La mia collaborazione è iniziata dieci anni fa e mi ha dato l’occasione di riferire liberamente notizie, idee, preoccupazioni e speranze.
La mia è stata la voce di un ebreo italiano e di un israeliano, democratico, leale al proprio paese, rispettoso delle istituzioni, e al di sopra di tutto appassionato difensore dello Stato d’Israele.
In Israele e a Gerusalemme si è svolta tutta la mia attività professionale, vivono i miei figli e nipoti, e si trova il futuro del Popolo ebraico.
Oggi, dopo gli ultimi straordinari sviluppi politici, per onestà dovrei passare tutto il mio tempo a criticare e stigmatizzare i comportamenti e le responsabilità del Primo ministro di Israele, il cui ruolo e la cui presenza mi paiono deleteri per il futuro del Paese. E questo francamente non è ciò che ci si attende di leggere sulla stampa ebraica.

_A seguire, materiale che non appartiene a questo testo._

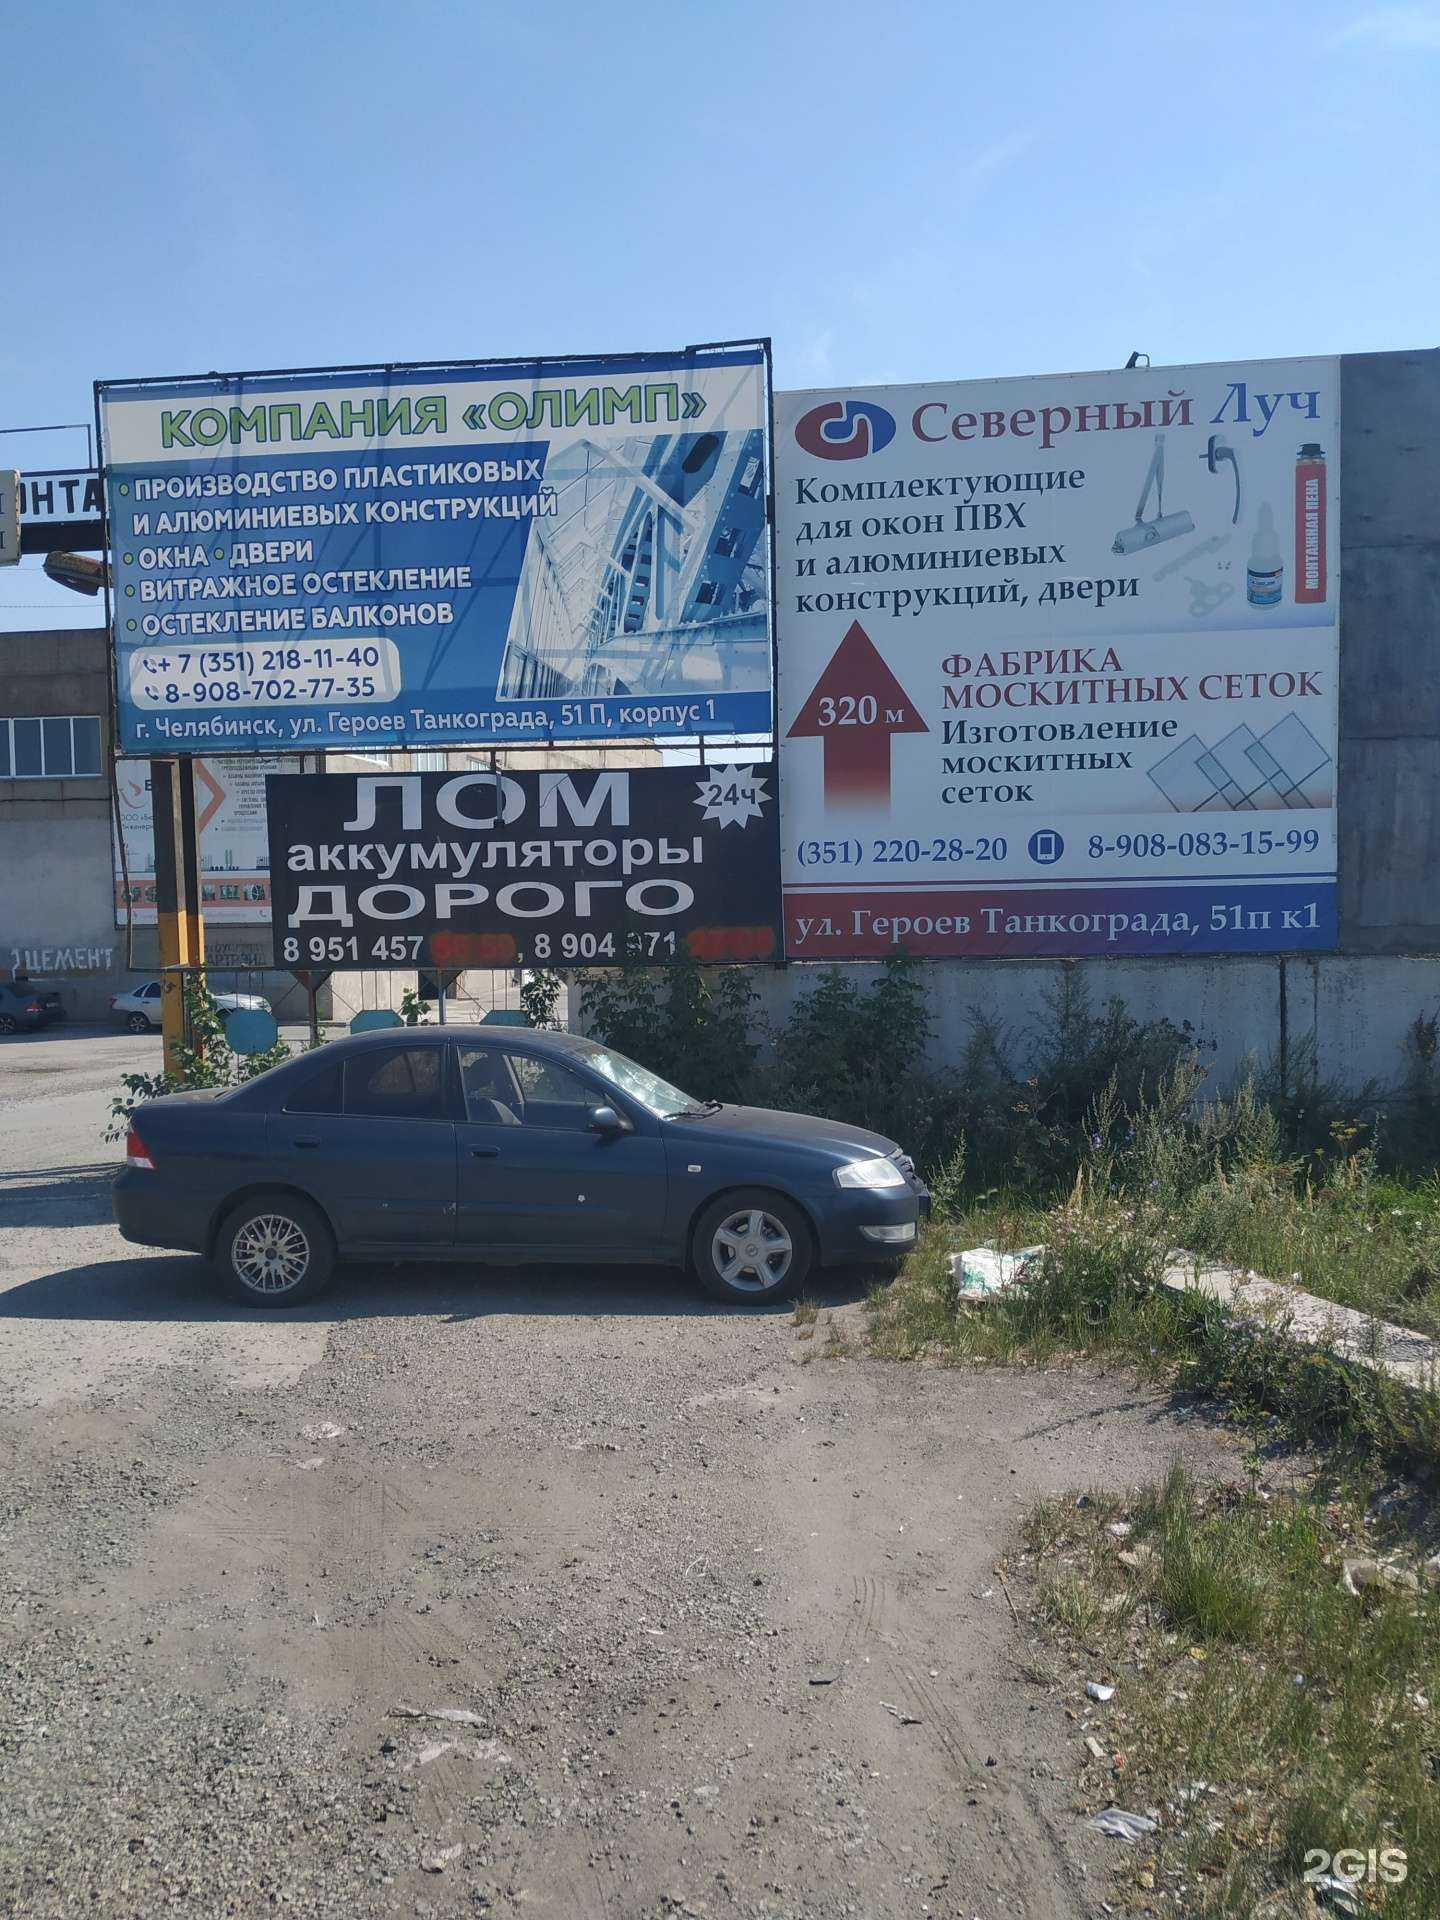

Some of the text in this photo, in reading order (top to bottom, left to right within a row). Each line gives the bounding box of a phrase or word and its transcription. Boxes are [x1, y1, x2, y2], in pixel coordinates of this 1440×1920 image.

[161, 383, 707, 448] КОМПАНИЯ «ОЛИМП»
[912, 383, 1321, 449] Северный Луч
[135, 458, 543, 500] ПРОИЗВОДСТВО ПЛАСТИКОВЫХ
[795, 469, 1085, 504] Комплектующие
[133, 487, 558, 536] И АЛЮМИНИЕВЫХ КОНСТРУКЦИЙ
[796, 502, 1027, 546] для окон ПВХ
[1305, 479, 1319, 590] МОНТАЖНАЯ ПЕНА
[138, 540, 313, 570] ОКНА ДВЕРИ
[796, 544, 1066, 577] и алюминиевых
[140, 566, 472, 602] ВИТРАЖНОЕ ОСТЕКЛЕНИЕ
[796, 577, 1140, 617] конструкций, двери
[141, 602, 454, 636] ОСТЕКЛЕНИЕ БАЛКОНОВ
[179, 653, 191, 674] 7
[200, 651, 254, 677] (351)
[262, 646, 379, 671] 218-11-40
[942, 647, 1124, 678] ФАБРИКА
[165, 677, 376, 703] 8-908-702-77-35
[941, 671, 1323, 709] МОСКИТНЫХ СЕТОК
[136, 698, 715, 740] г. Челябинск, ул. Героев Танкограда, 51 П, корпус 1
[818, 695, 905, 726] 320 м
[942, 718, 1178, 745] Изготовление
[942, 751, 1133, 774] москитных
[343, 772, 630, 831] ЛОМ
[708, 783, 756, 806] 24ч
[941, 784, 1034, 804] сеток
[287, 836, 703, 880] аккумуляторы
[797, 837, 1007, 868] (351) 220-28-20
[1088, 829, 1320, 859] 8-908-083-15-99
[287, 879, 695, 928] ДОРОГО
[796, 917, 842, 945] ул.
[852, 910, 971, 944] Героев
[980, 908, 1200, 941] Танкограда,
[1210, 904, 1271, 932] 51п
[1281, 902, 1320, 929] к1
[283, 936, 299, 962] 8
[308, 936, 359, 962] 951
[371, 935, 424, 961] 457
[534, 933, 551, 959] 8
[561, 932, 616, 959] 904
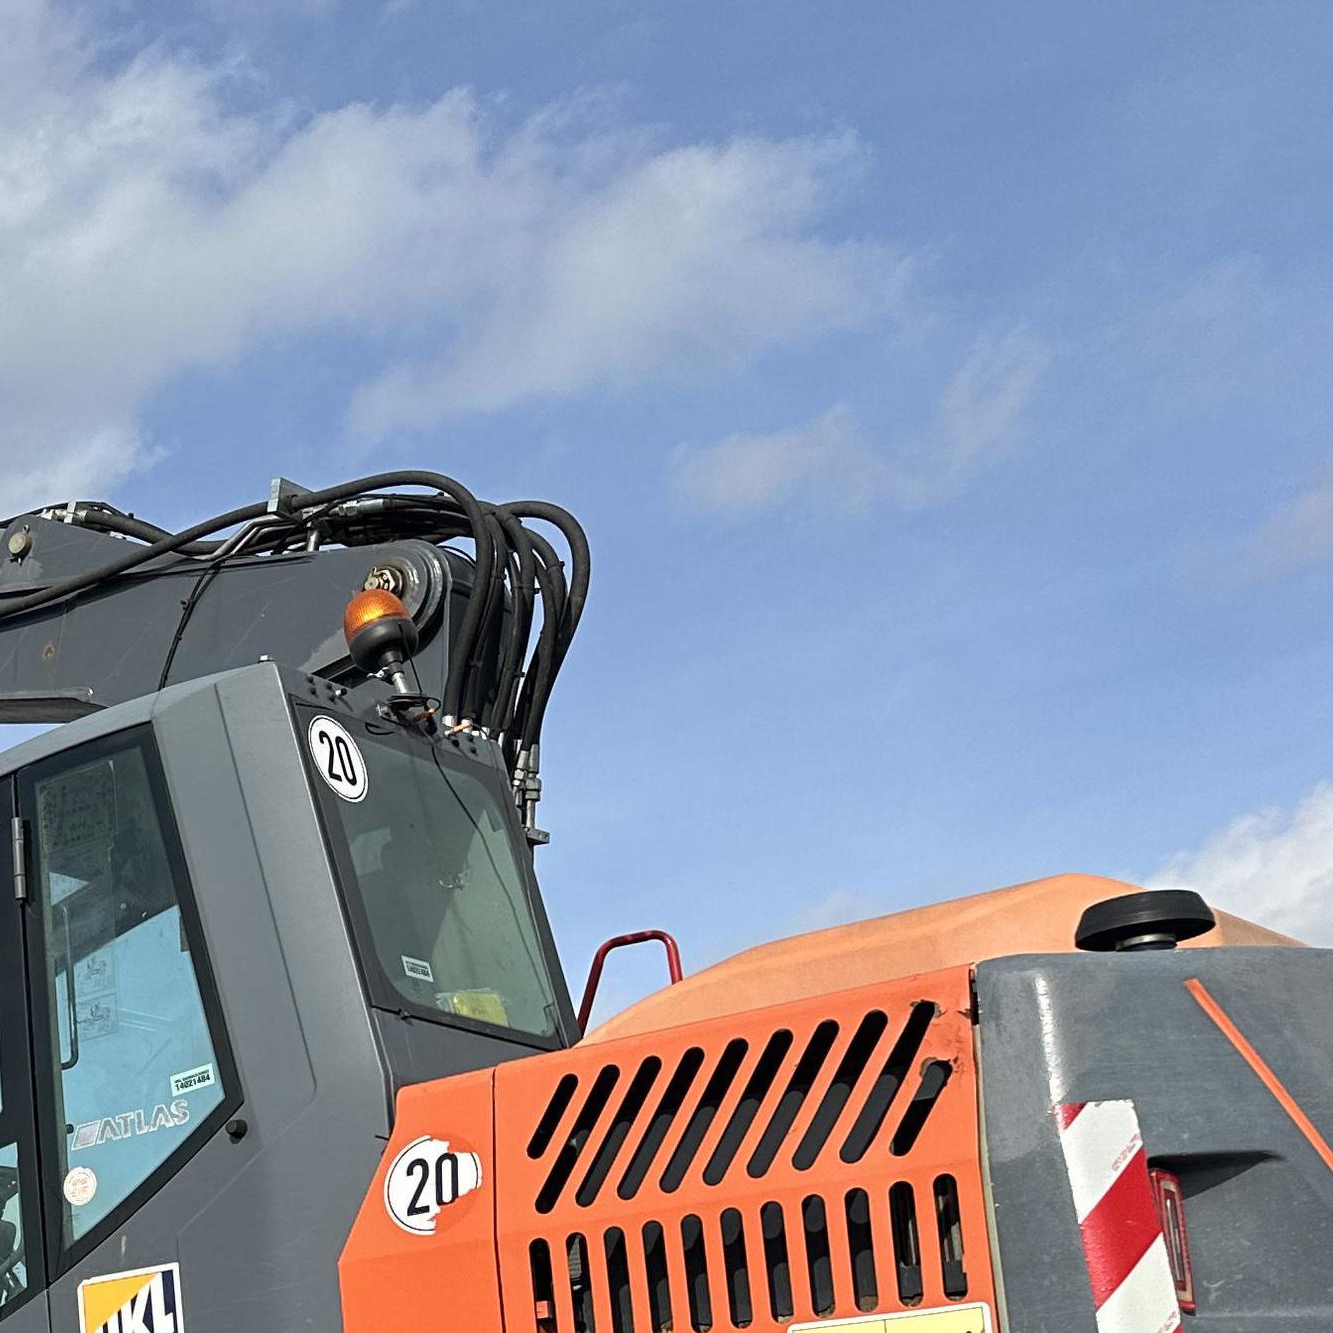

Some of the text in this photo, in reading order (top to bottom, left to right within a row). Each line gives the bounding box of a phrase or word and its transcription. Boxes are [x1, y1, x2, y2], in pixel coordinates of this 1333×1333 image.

[319, 730, 357, 787] 20
[96, 1098, 190, 1145] ATLAS
[406, 1152, 459, 1216] 20

Pertanto ritengo più opportuno ritirarmi e concludere qui questo bel capitolo di scrittura pubblicistica, ringraziando il direttore Guido Vitale per il suo costante sostegno, e restituendo questo spazio, che mi è stato fin qui gentilmente riservato, ad altri che di sicuro meglio di me sapranno utilizzarlo. Shalom.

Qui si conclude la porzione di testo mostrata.